Because each person has a unique scent, dogs are able to remember and recognize their owners’ smell. Dogs also have an excellent sense of hearing. Their range of hearing is approximately 40 Hz to 60,000 Hz, while a human’s range is around 20 Hz to 20,000 Hz. Dogs can identify their owners by picking up on familiar voices and patterns of speech [2]. Their advanced senses of smell and hearing allow dogs to recognize their owners even without visual cues.

Pack Mentality

Dogs are social animals that naturally form packs in the wild. Even domesticated dogs retain this pack mentality and view their human families as members of their “pack.” Within a pack, dogs establish a social hierarchy with dominant alpha animals and subordinate followers. Research indicates that dogs often view their human owners as the “alpha” leader of the pack.

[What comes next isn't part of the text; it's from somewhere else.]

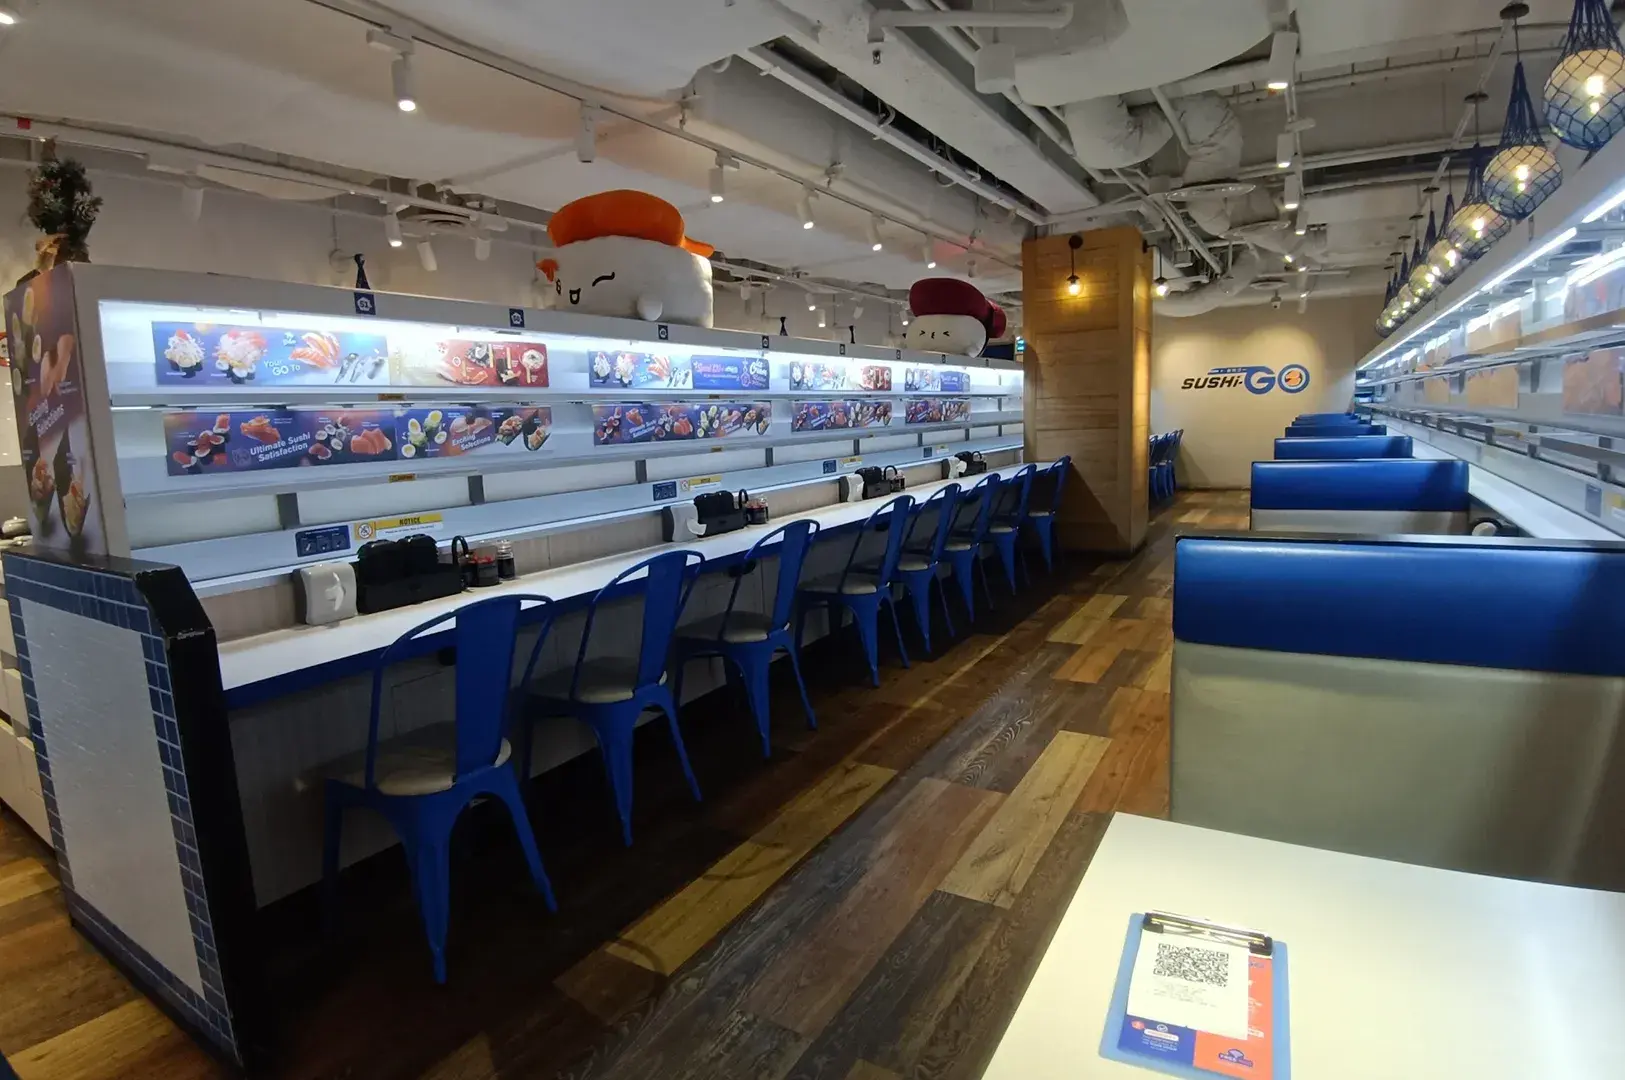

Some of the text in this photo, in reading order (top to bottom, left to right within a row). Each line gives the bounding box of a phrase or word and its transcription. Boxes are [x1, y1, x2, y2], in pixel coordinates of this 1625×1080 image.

Signs that a dog sees its owner as the alpha pack leader include seeking permission before eating, allowing physical handling, respecting commands, and displaying submissive body language like averting eyes or tucking tail. Some dogs may challenge owners for alpha status through behaviors like growling, mounting, or refusing to follow orders. Establishing clear rules, consistency in training, and displaying calm-assertive energy can reinforce an owner’s alpha role. Ultimately, viewing owners as caring, trusted leaders allows dogs to feel secure in their pack’s social framework.

Paternal Bonds

Some research suggests dogs relate to their male owners as father figures. A study by Horn et al. in 2022 found that dogs show attachment behaviors towards their caregivers similar to young children, indicating a parental bond. This parental-offspring framework may apply more to male owners, as dogs tend to obey women easier but form deeper emotional bonds with men ( However, views differ on whether dogs actually see owners as parents vs friends. Some argue that affectionate, loyal behavior doesn’t necessarily indicate a parental bond, as dogs don’t have human family constructs. Their pack loyalty stems more from friendship and companionship ( Regardless, dogs form strong attachments and their behavior shows they think of owners as family.

Loyalty and Attachment

Dogs form strong attachments and loyalty to their human caregivers, similar to the bonds babies form with their parents. Research shows dogs display attachment behaviors towards their owners such as proximity seeking, safe haven, separation distress, and secure base effects (Payne, 2015). Dogs show distress when separated from their attachment figure, and prefer to stay close to them in unfamiliar or frightening situations, indicating an attachment bond. The strength of attachment a dog forms can depend on factors like how long the human and dog have been together and the amount of care the human provides.

One study found adult dogs exhibited behaviors associated with secure attachment after being separated from their owner, including greeting them enthusiastically upon return and maintaining contact. Insecurely attached dogs showed signs of anxiety and ambivalence (Rehn, 2017). Like human attachments, dog-owner attachments form through daily affectionate interactions. Dogs who have experienced trauma, neglect, or frequent rehoming may develop attachment disorders or struggle bonding.

While dogs don’t view their owners as literal parents in a family structure sense, the loyalty and attachment they form is akin to a parent-child relationship. Through devoted daily care and bonding, owners become the most important being in a dog’s life.

Training and Discipline

When owners train and discipline their dogs, they take on a role similar to a parent teaching and guiding their child. Dogs view their owners as authority figures that provide structure, guidance, and boundaries through training ( Setting rules, rewarding good behavior, and correcting unwanted actions helps establish the owner’s leadership role. This mimics a parent-child dynamic.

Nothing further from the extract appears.